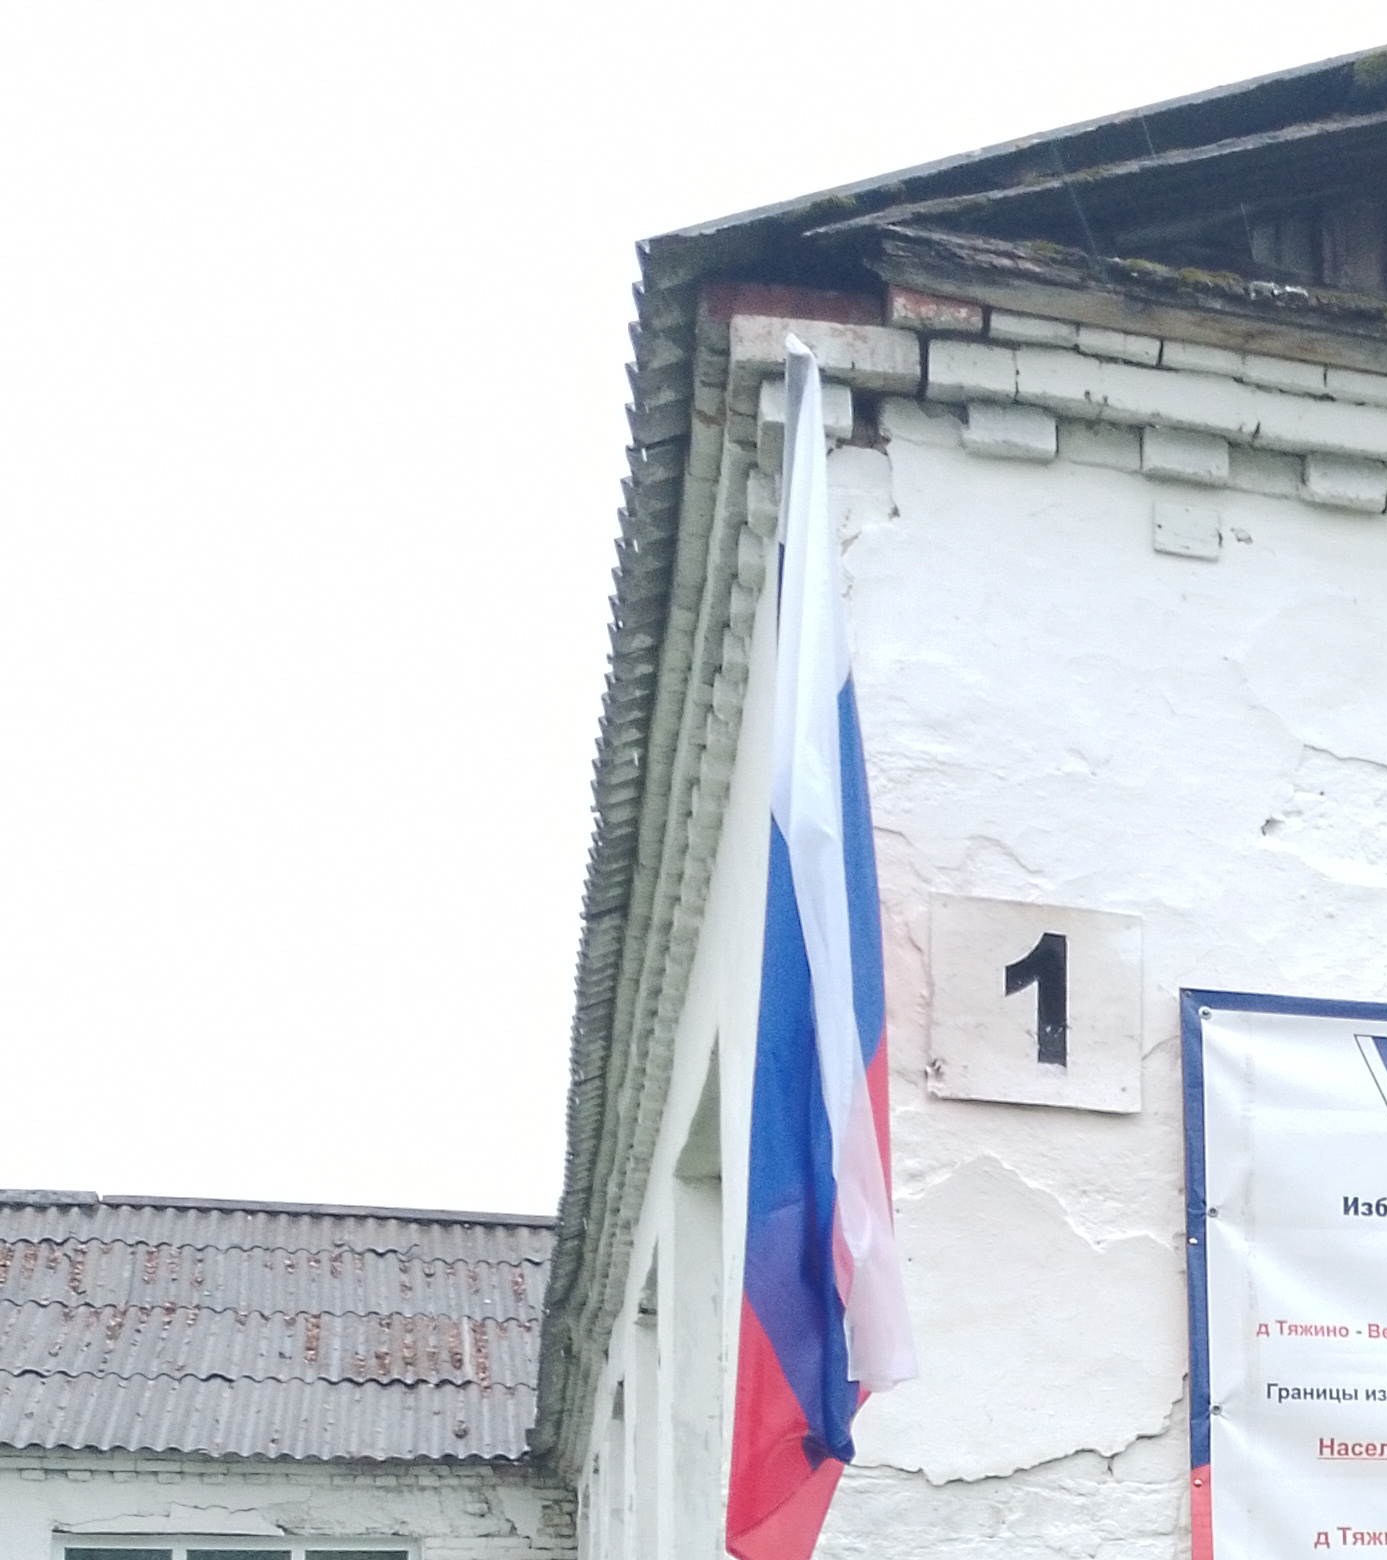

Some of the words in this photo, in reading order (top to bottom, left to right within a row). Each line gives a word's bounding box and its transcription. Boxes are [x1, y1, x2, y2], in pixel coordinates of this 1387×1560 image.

[1004, 931, 1069, 1068] 1
[1256, 1324, 1270, 1337] д
[1276, 1320, 1349, 1337] Тяжино
[1267, 1383, 1358, 1404] Границы
[1314, 1532, 1330, 1549] д
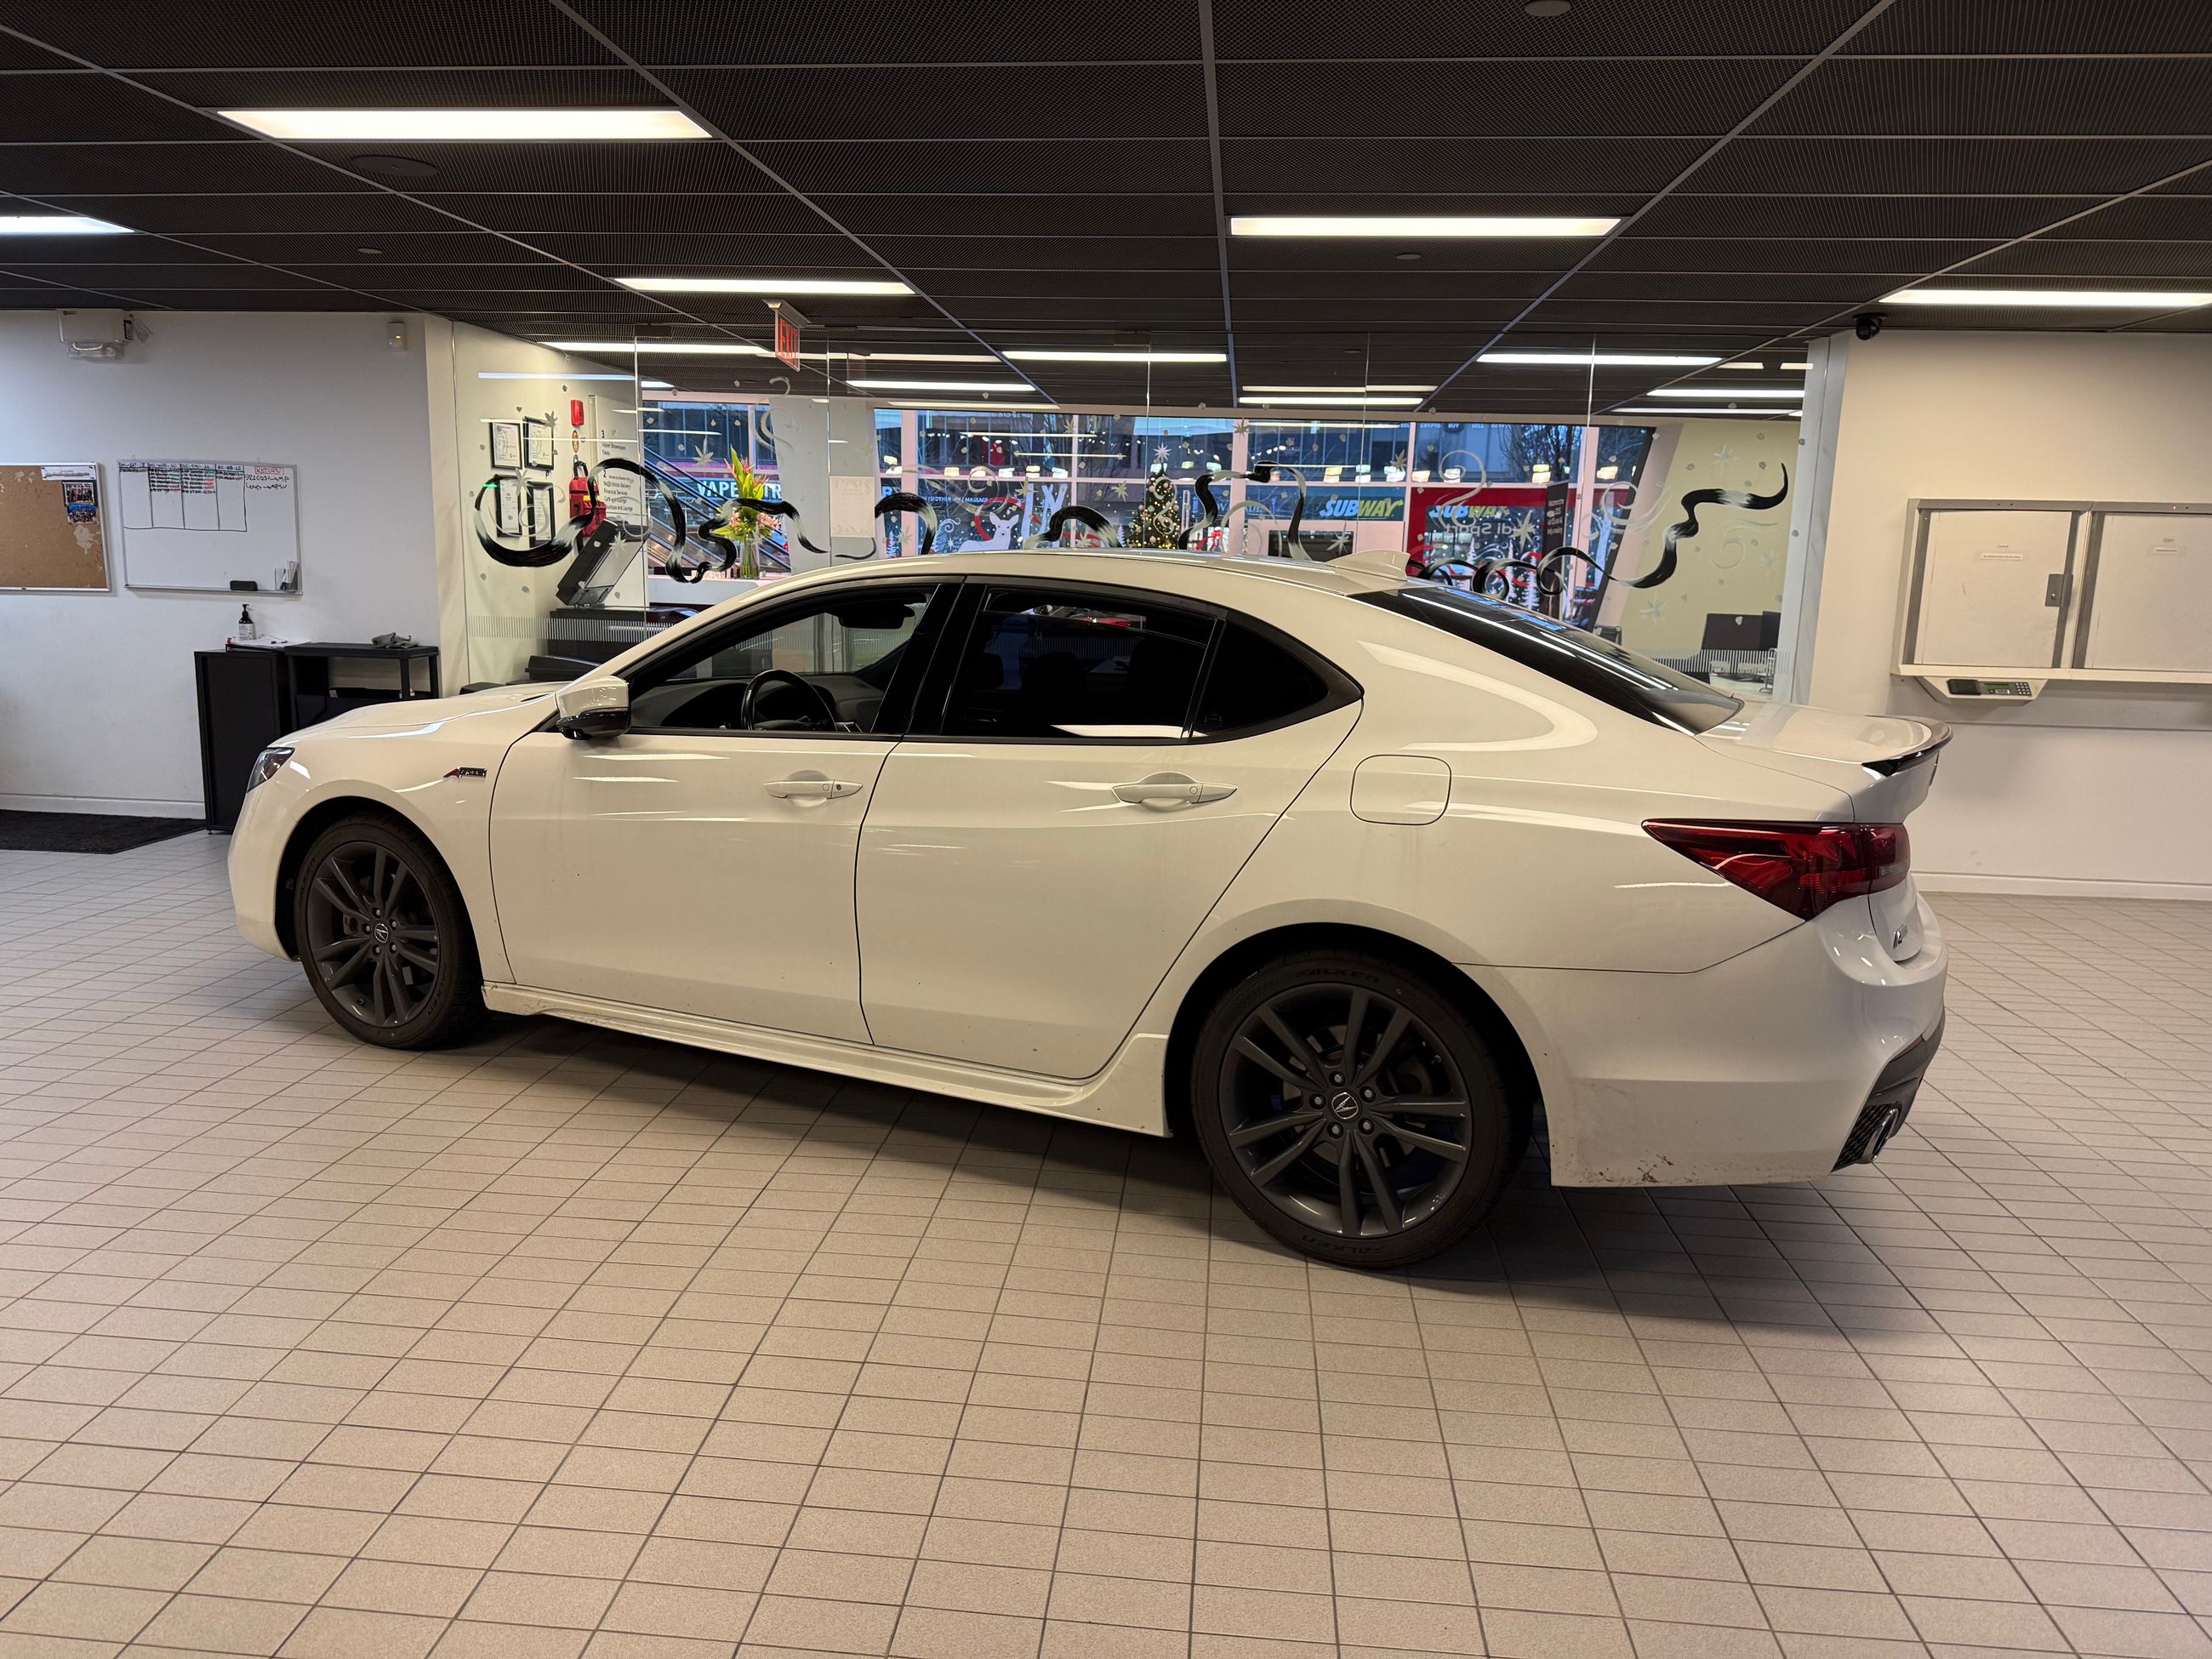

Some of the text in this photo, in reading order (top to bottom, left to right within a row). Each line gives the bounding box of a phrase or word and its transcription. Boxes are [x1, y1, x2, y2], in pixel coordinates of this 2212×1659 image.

--

> **Task requirements**: Repeat all the data as it stands, dropping any images it holds.

> **Solution to the problem**:
Some of the words in this photo, in reading order (top to bottom, left to right within a row). Each line gives a word's bounding box and its transcription. Boxes are [x1, y1, x2, y2], in pixel coordinates of this 1387×1560 image.

[1004, 931, 1069, 1068] 1
[1256, 1324, 1270, 1337] д
[1276, 1320, 1349, 1337] Тяжино
[1267, 1383, 1358, 1404] Границы
[1314, 1532, 1330, 1549] д

Some of the text in this photo, in reading order (top to bottom, left to right within a row). Each line gives the bounding box of a phrase or word and its transcription. Boxes are [x1, y1, x2, y2], in pixel coordinates of this 2212×1659 image.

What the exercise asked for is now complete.